“Coleção Antirracista” discute racismo estrutural com humor, contundência e tom politizado

Por Maria do Rosário Caetano

Quem comparecer, na noite dessa terça-feira, 29 de novembro, ao Espaço Itaú, na Rua Augusta paulistana, assistirá aos oito episódios da série “Coleção Antirracista”, de Val Gomes, produzida por Toni Venturi. A mesma dupla que assinou, dois anos atrás, o torpedo anti-racismo estrutural “Dentro da minha Pele”. Depois da exibição, haverá debate da equipe da série com Ednéia Gonçalves e Rosane Borges.

Quem não conseguir ingresso para a pré-estreia, que será encerrada com coquetel festivo, deve ficar tranquilo. Os oito episódios – curtos, coloridos, divertidos, politizados, didáticos no melhor sentido da palavra – serão disponibilizados gratuitamente no streaming da Spcine a partir do dia cinco de dezembro.

Val Gomes é socióloga, afro-brasileira e mulher politizada. Ao juntar-se, profissionalmente, ao ítalo-brasileiro Toni Venturi, formado no Canadá (“O Velho”, “Cabra Cega” e “Dia de Festa”), os dois resolveram transformar-se em cruzados da produção de imagens capazes de refletir sobre as condicionantes do racismo. Como ele se perpetua como trágica marca no Brasil, país de 215 milhões de habitantes, mais da metade deles pretos ou pardos.

“Coleção Antirracista” não chega, na soma de seus episódios,  a duas horas. Seus capítulos duram de 11 a 15 minutos e são dinâmicos, transbordantes em cores, com ótimas animações comandadas por estúdio descolado. E, o que é melhor, com testemunhos de quem tem muito o que dizer (e sabe dizê-lo com síntese).

E quem são as vozes que se fazem ouvir em “Coleção Antirracista”?

As principais são a filósofa Sueli Carneiro, a psicóloga Cida Bento, o historiador e músico Salloma Salomão, a escritora Cidinha da Silva, a artista visual Rosana Paulino, a ativista Joice Berth, entre outros afro-brasileiros.
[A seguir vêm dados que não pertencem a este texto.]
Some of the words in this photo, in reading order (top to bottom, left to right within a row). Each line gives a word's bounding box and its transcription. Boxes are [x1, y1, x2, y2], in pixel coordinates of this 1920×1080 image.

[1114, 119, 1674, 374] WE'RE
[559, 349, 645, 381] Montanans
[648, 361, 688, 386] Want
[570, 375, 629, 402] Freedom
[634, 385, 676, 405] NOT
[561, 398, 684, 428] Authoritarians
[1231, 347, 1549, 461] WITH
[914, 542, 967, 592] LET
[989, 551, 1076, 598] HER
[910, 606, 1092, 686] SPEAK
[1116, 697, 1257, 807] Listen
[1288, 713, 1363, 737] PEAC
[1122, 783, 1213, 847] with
E há espaço para brancos como o professor da UFBa João José Reis e o estudioso de corporações policiais Adilson Paes Souza.
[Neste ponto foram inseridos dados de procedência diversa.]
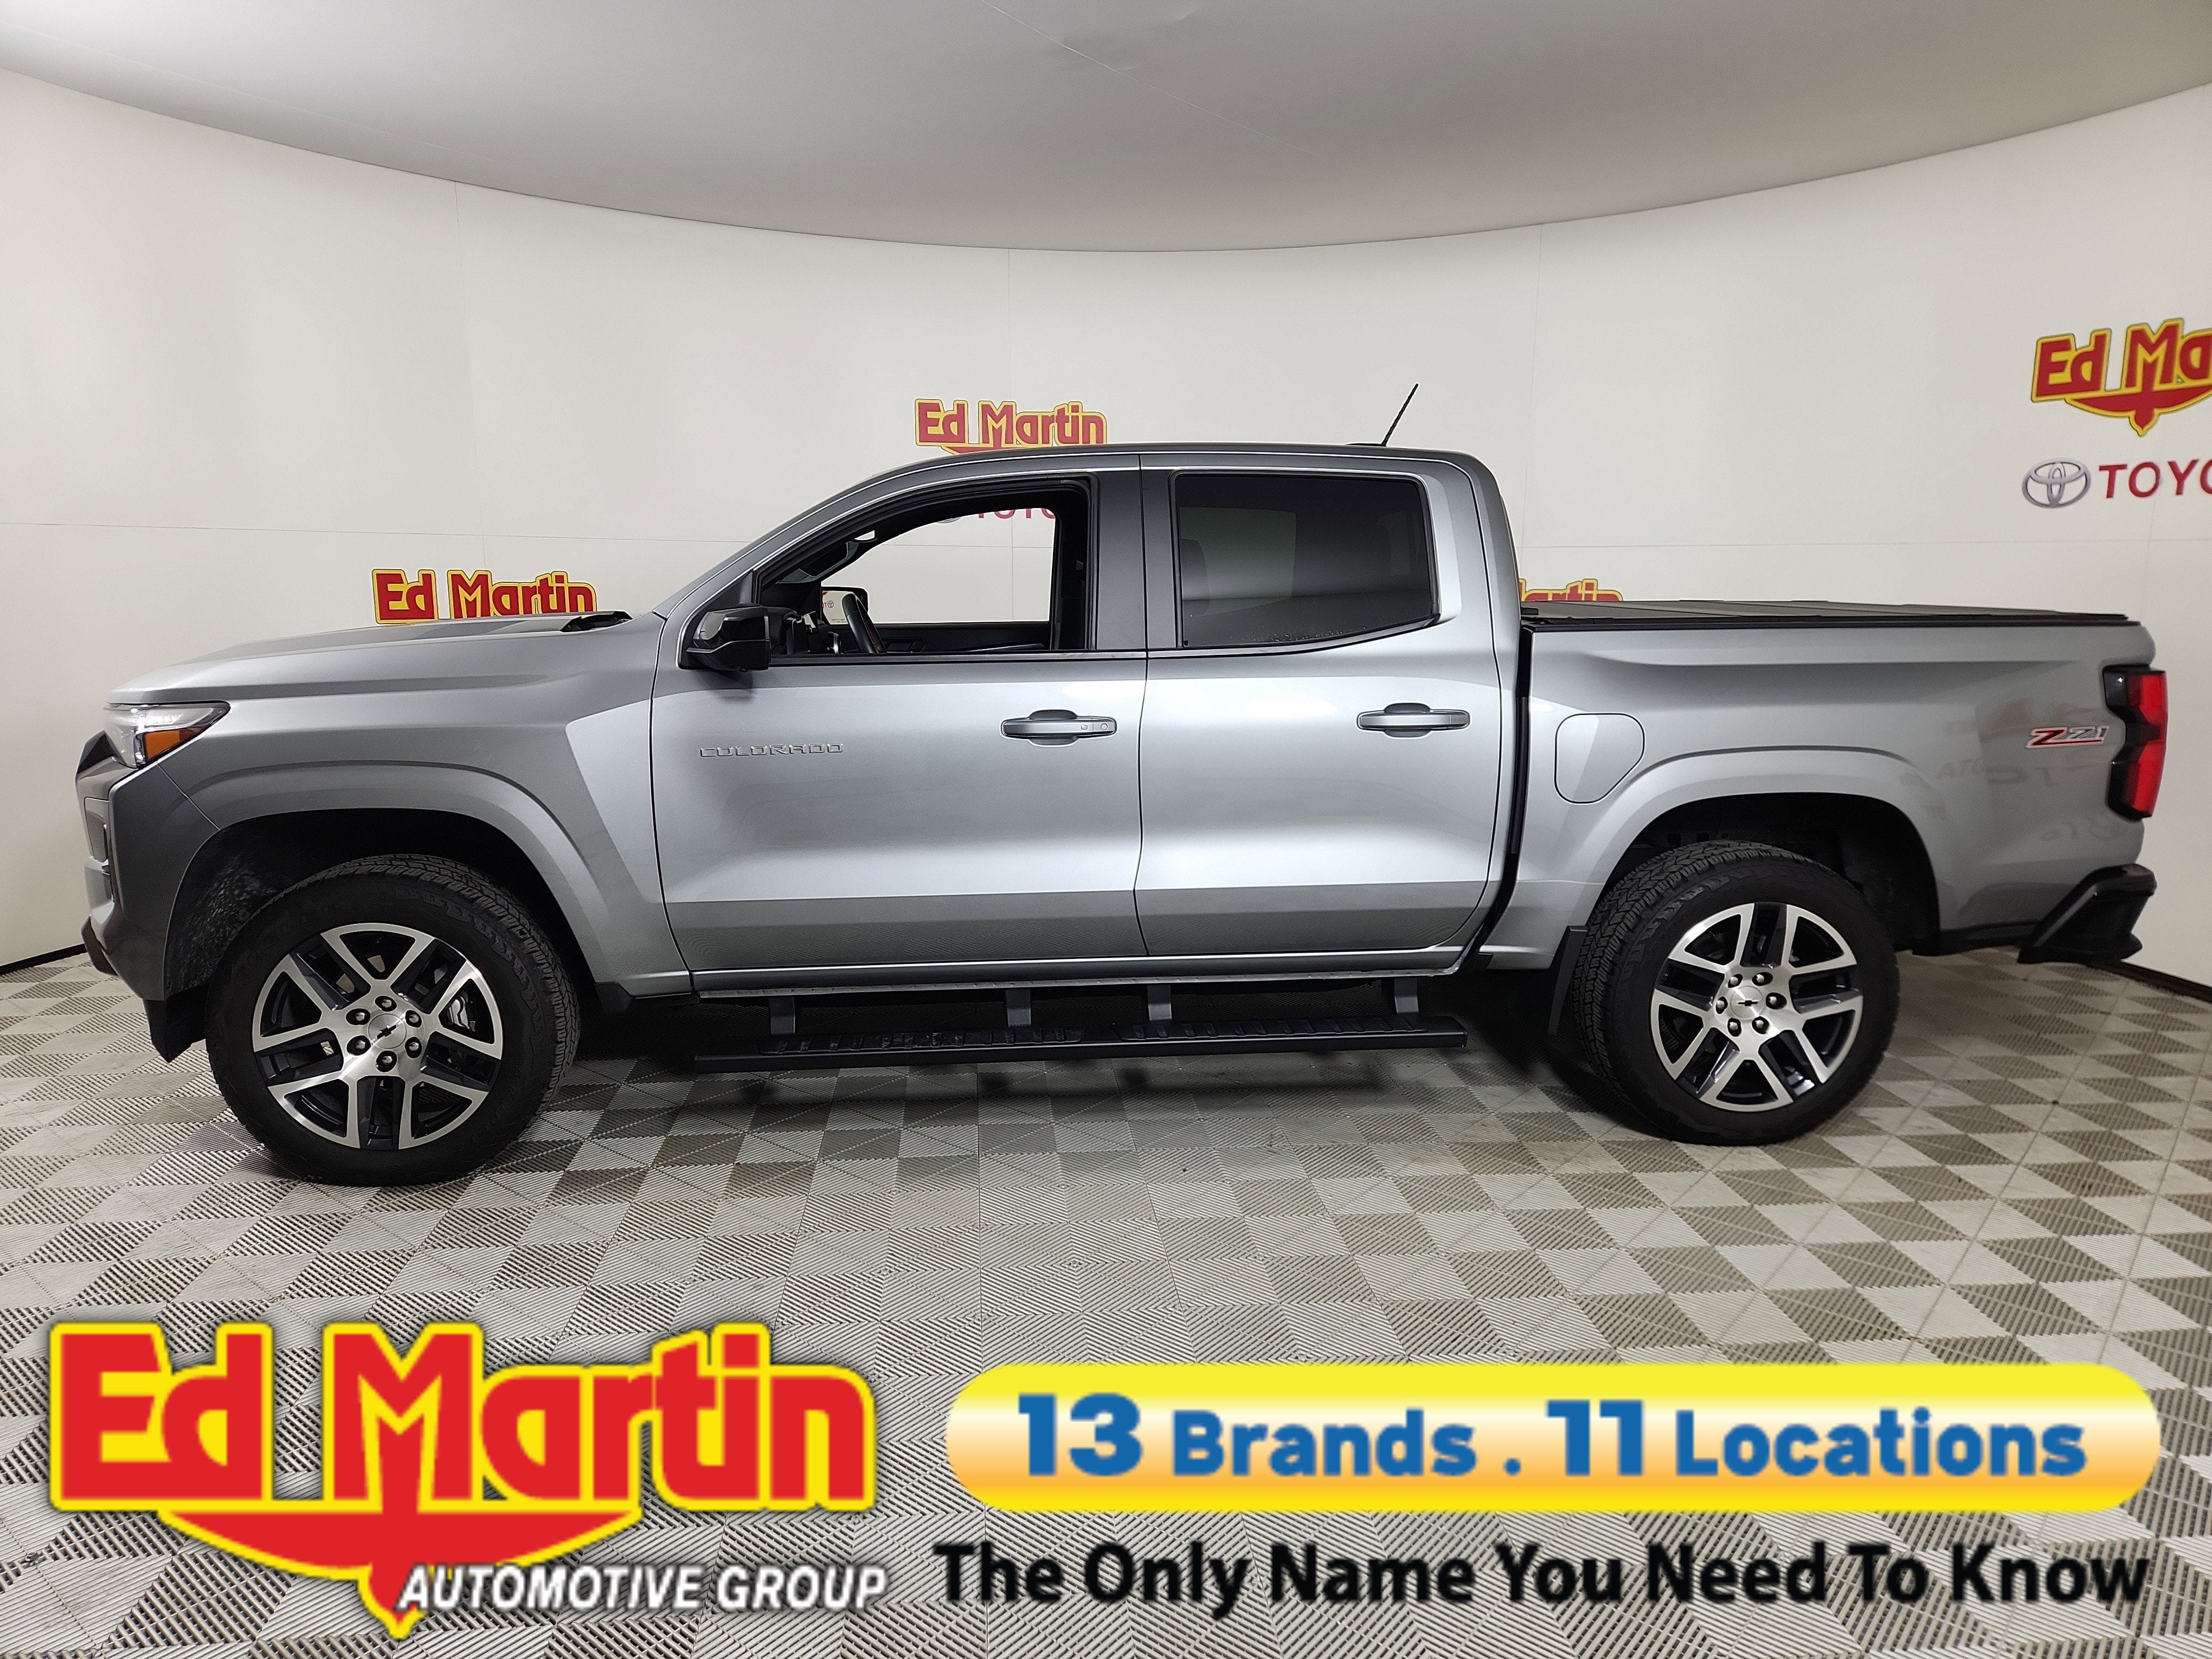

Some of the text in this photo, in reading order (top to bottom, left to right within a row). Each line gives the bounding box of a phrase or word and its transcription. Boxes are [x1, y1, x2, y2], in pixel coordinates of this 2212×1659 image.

Em imagens de arquivo, ouviremos (ou veremos) militantes da causa negra da grandeza de Lélia Gonzales (1935-1994), Beatriz Nascimento (1942-1995) e Marielle Franco (1979-2018).
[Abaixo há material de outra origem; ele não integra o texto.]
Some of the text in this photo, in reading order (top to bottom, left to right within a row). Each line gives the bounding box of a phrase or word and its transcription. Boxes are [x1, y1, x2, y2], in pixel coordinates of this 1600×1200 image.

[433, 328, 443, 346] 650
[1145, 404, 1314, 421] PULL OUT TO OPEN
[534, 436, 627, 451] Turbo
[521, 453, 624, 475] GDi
O cinema brasileiro fornece imagens valiosas aos episódios da narrativa de Val Gomes. De “Descobrimento do Brasil”, de Humberto Mauro, a “Cabeça de Nego”, de Déo Cardoso, de “Sinhá Moça” a “Desmundo”, de “Ganga Zumba” a “Sem Pena”, de “A Idade da Terra” a “Besouro”, de “Braços Cruzados, Máquinas Paradas” a “Linha de Montagem”, do curta “Kbela”, de Yasmin Tayná, a “Nada”, de Gabriel Martins, de “Carlota Joaquina” a “Notícia de uma Guerra Particular”, de “Chico Rey” a “Abolição” (este de Zózimo Bulbul), etc., etc. São dezenas e dezenas de curtas, médias, longas, ficcionais ou documentais, que emprestam fotogramas à densa (mas nunca cansativa) narrativa de Val Gomes.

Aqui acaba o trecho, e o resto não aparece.